Como os super-heróis da Marvel, ele usa máscaras e usa um codinome em sua missão de salvar o mundo. No entanto, há uma grande diferença entre V e Batman ou Super-homem, muito além do método de atentados.
Neste ponto o filme supera os quadrinhos. O V das grandes telas defende a necessidade (e não é somente um detalhe) da ação das massas nas transformações. V pretende explodir prédios, mas também incitar o povo a se rebelar contra o governo tirano. Segundo ele, explodir um prédio como o Parlamento é algo simbólico, mas um símbolo não vale nada se não tiver o povo na rua. Mesmo que sua principal tática seja essa, por diversas vezes V mostra que a ação isolada é insuficiente. Assim, o atentado proposto por V se diferencia, por exemplo, dos atentados do 11 de setembro de 2001. Mesmo acertando um importante símbolo do imperialismo, a morte de milhares de pessoas, entre elas muitos imigrantes, não levou a uma mobilização dos trabalhadores e deu mais fôlego a Bush e Blair.

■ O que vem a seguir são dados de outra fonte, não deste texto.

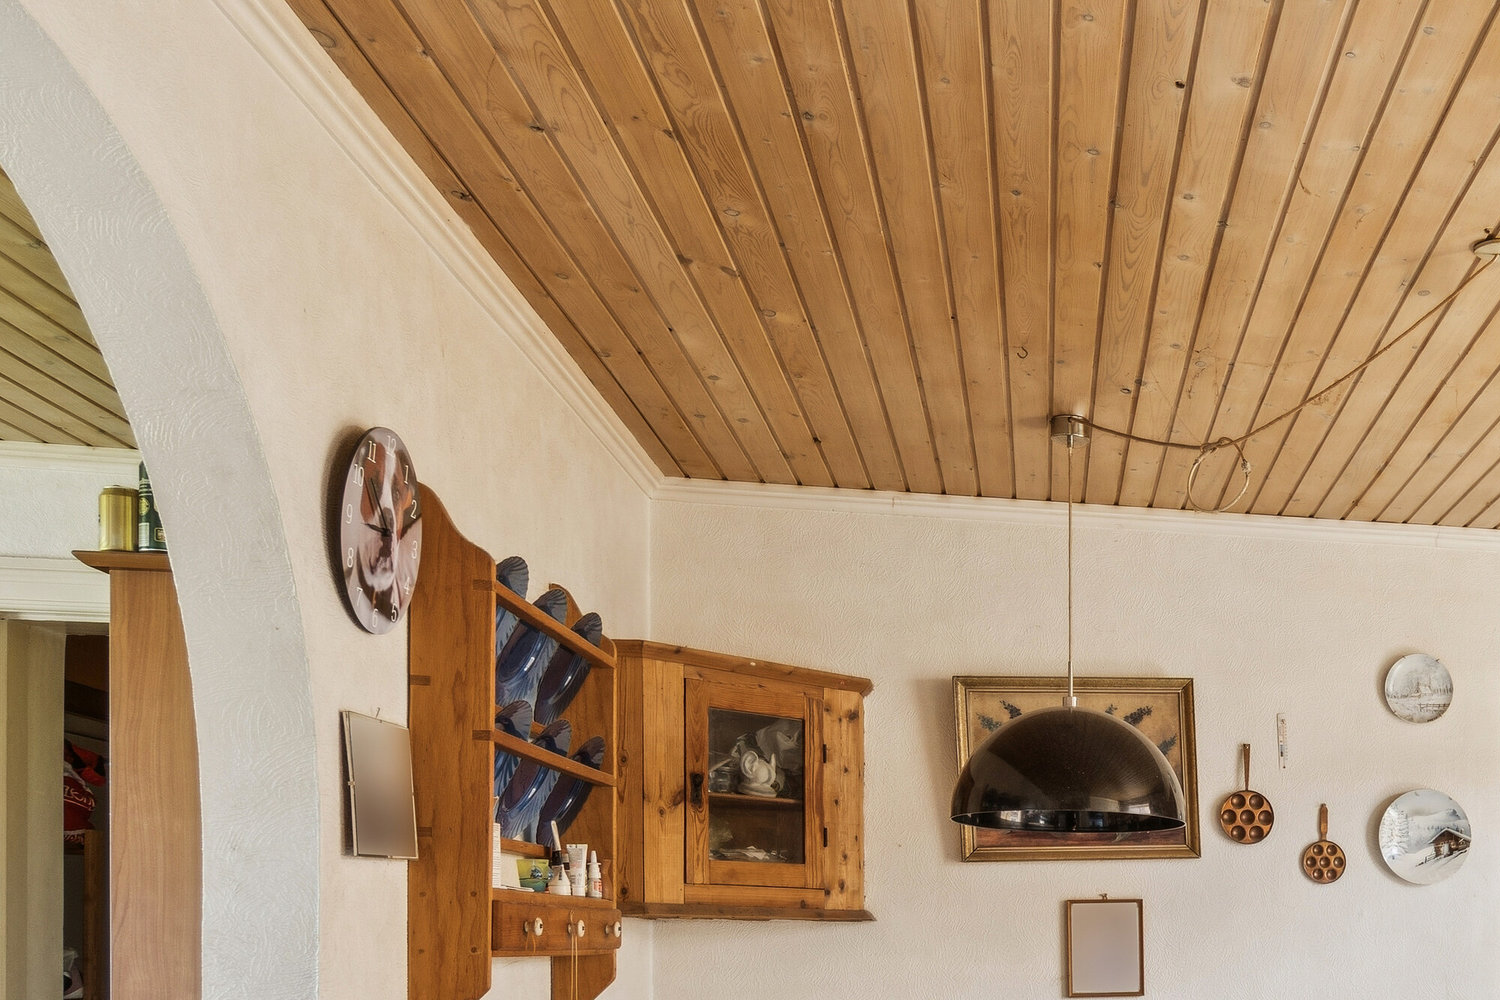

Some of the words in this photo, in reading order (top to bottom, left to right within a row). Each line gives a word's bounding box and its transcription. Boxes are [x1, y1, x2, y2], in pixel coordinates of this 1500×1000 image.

E, apesar de todas as ações serem planejadas por V, não há um heroísmo messiânico. A princípio é uma luta individual, uma vingança com ações planejadas por ele, inclusive com um toque teatral. Entretanto, o individual se quebra, em primeiro lugar, pela máscara e pelo codinome, que escondem até o fim a identidade do personagem. Depois, essa individualidade se dissolve por completo na multiplicação das máscaras na multidão, expressa ainda melhor na fala de V, que, ao ser ameaçado com uma arma, afirma que "você pode matar um homem, mas não um ideal". E a batalha deixa de ser uma atitude isolada, fruto de uma vingança pessoal, que dá nome ao filme.
Além da liberdade
Há lacunas, frestas. Os fãs mais puristas poderão reclamar das diferenças entre o filme e os quadrinhos. Outros poderão argumentar que os discursos de V mais próximos ao anarquismo foram suprimidos na versão cinematográfica. Uma cena de luta muito ‘matrix´ também era dispensável.
Os problemas da sociedade que são destacados no filme e combatidos pelo personagem principal se resumem à falta de liberdade numa sociedade autoritária. Nem o filme nem os quadrinhos questionam a desigualdade social, se há miséria, desemprego ou fome naquela realidade.
Entretanto, por mais divergências que se possa ter com os métodos da luta isolada ou da guerrilha, com o anarquismo ou a ausência dele, ou com o tom liberal do discurso, V de Vingança faz sua revolução nas telas. Não se muda o mundo explodindo um prédio, mas nenhuma lacuna prejudica a importância de este personagem mascarado estar em cinemas de todo o planeta com falas como "ninguém devia temer seu governo. O governo é que deveria temer seu povo".